--- WORK INSTRUCTIONS ---
The "Some of the text" line through the end of the listing below is what to set down, word for word, and nothing else.

[[ SUPPLIED INFORMATION open ]]

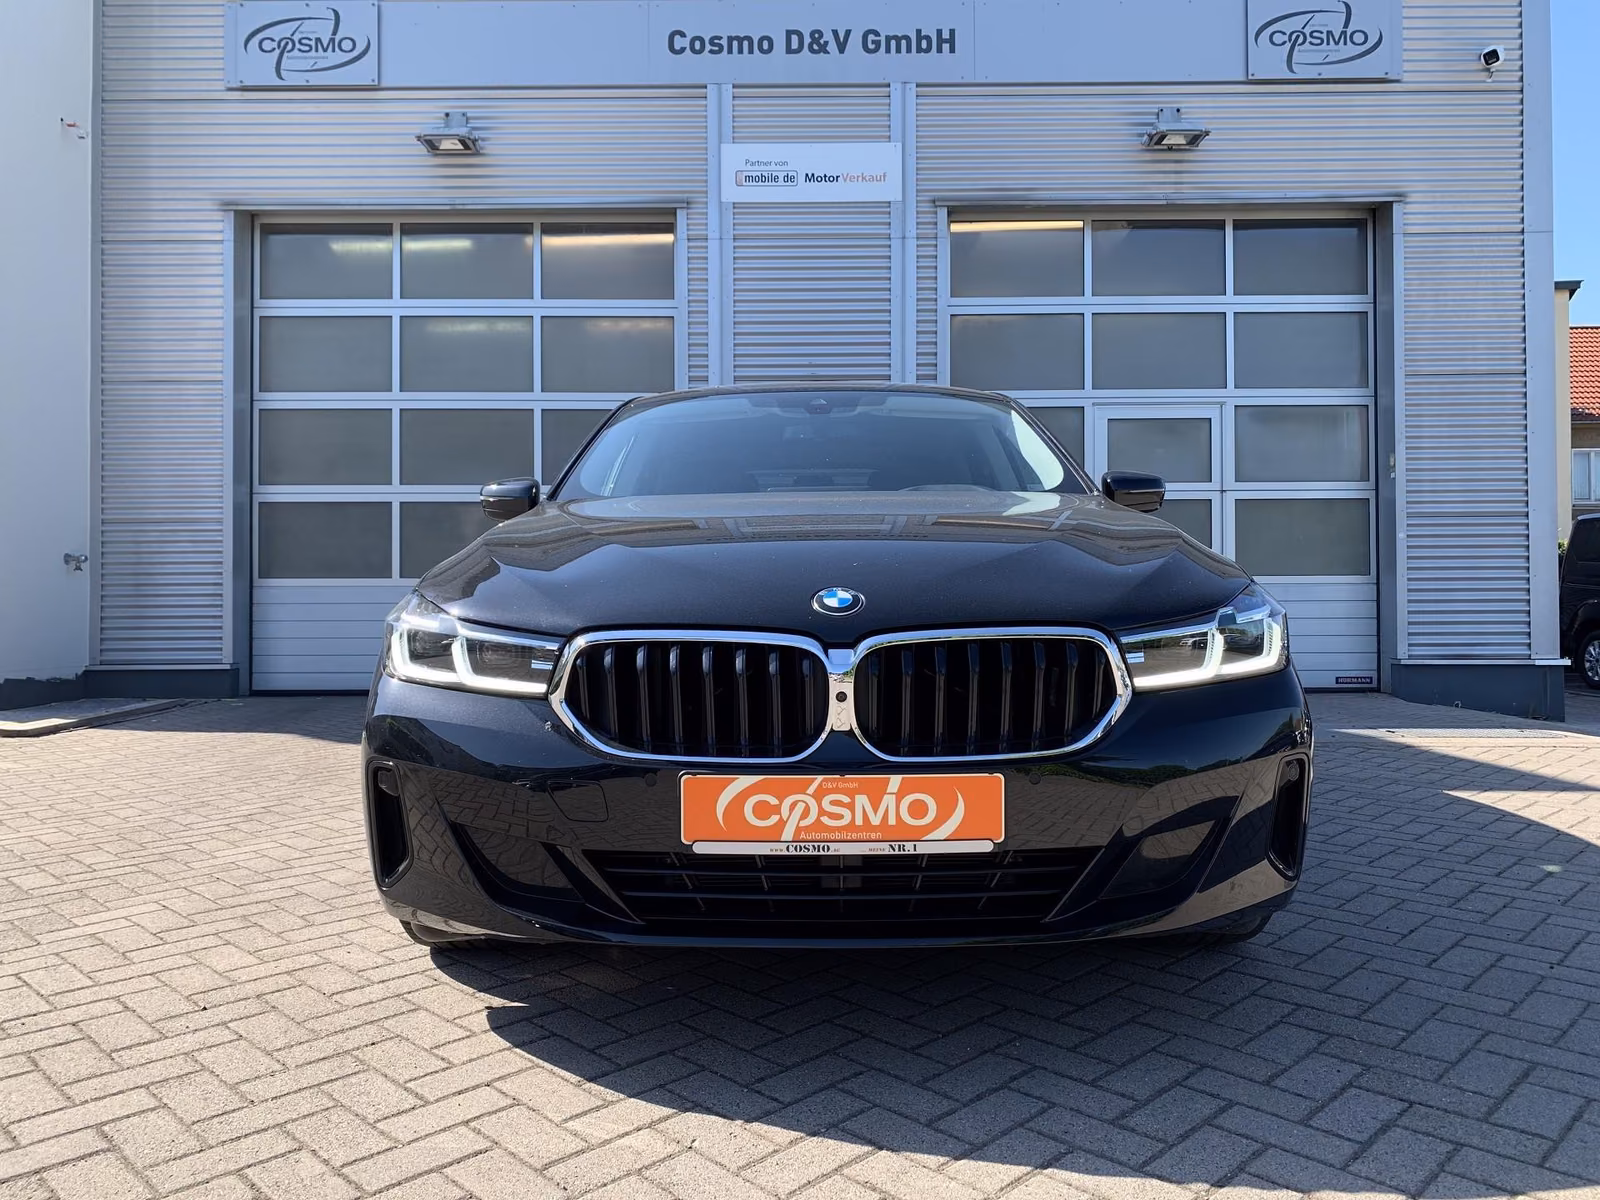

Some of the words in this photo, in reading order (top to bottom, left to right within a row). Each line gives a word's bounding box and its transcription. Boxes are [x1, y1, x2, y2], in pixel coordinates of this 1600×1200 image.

[258, 36, 357, 54] COSMO
[667, 29, 774, 56] Cosmo
[785, 28, 852, 55] D&V
[861, 28, 956, 55] GmbH
[1268, 29, 1369, 47] COSMO
[745, 158, 773, 168] Partner
[773, 160, 789, 168] von
[822, 781, 837, 789] D&V
[838, 781, 859, 789] GmbH
[743, 792, 937, 827] COSMO
[799, 830, 882, 840] Automobilzentren
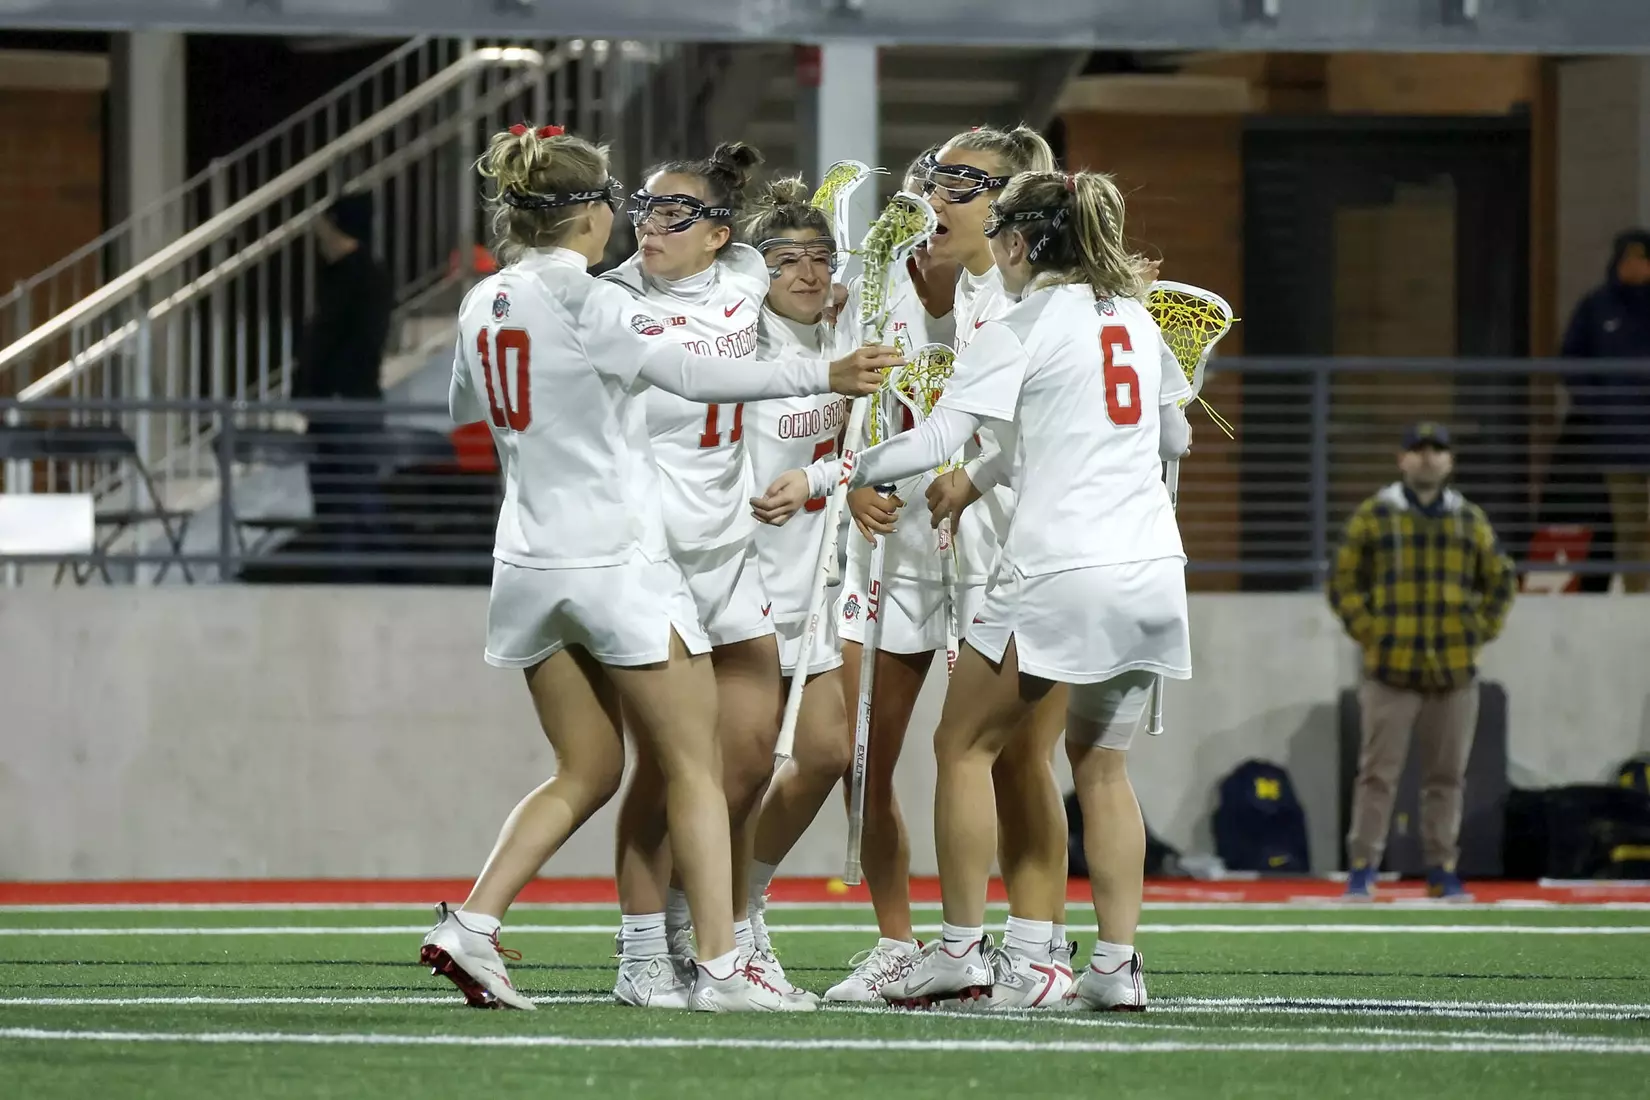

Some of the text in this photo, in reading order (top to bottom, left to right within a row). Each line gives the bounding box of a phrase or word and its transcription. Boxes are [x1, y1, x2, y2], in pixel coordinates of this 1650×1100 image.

[568, 190, 604, 201] STX
[710, 207, 731, 216] STX
[1014, 210, 1045, 220] STX
[1029, 234, 1050, 261] STX
[476, 326, 533, 433] 10
[1099, 323, 1143, 428] 6
[778, 396, 847, 439] OHIO STA
[866, 579, 881, 624] STX
[856, 743, 865, 776] EXULT

[[ SUPPLIED INFORMATION closed ]]

--- REPLY ---
Some of the text in this photo, in reading order (top to bottom, left to right within a row). Each line gives the bounding box of a phrase or word and its transcription. Boxes are [x1, y1, x2, y2], in pixel coordinates of this 1650×1100 image.

[568, 190, 604, 201] STX
[710, 207, 731, 216] STX
[1014, 210, 1045, 220] STX
[1029, 234, 1050, 261] STX
[476, 326, 533, 433] 10
[1099, 323, 1143, 428] 6
[778, 396, 847, 439] OHIO STA
[866, 579, 881, 624] STX
[856, 743, 865, 776] EXULT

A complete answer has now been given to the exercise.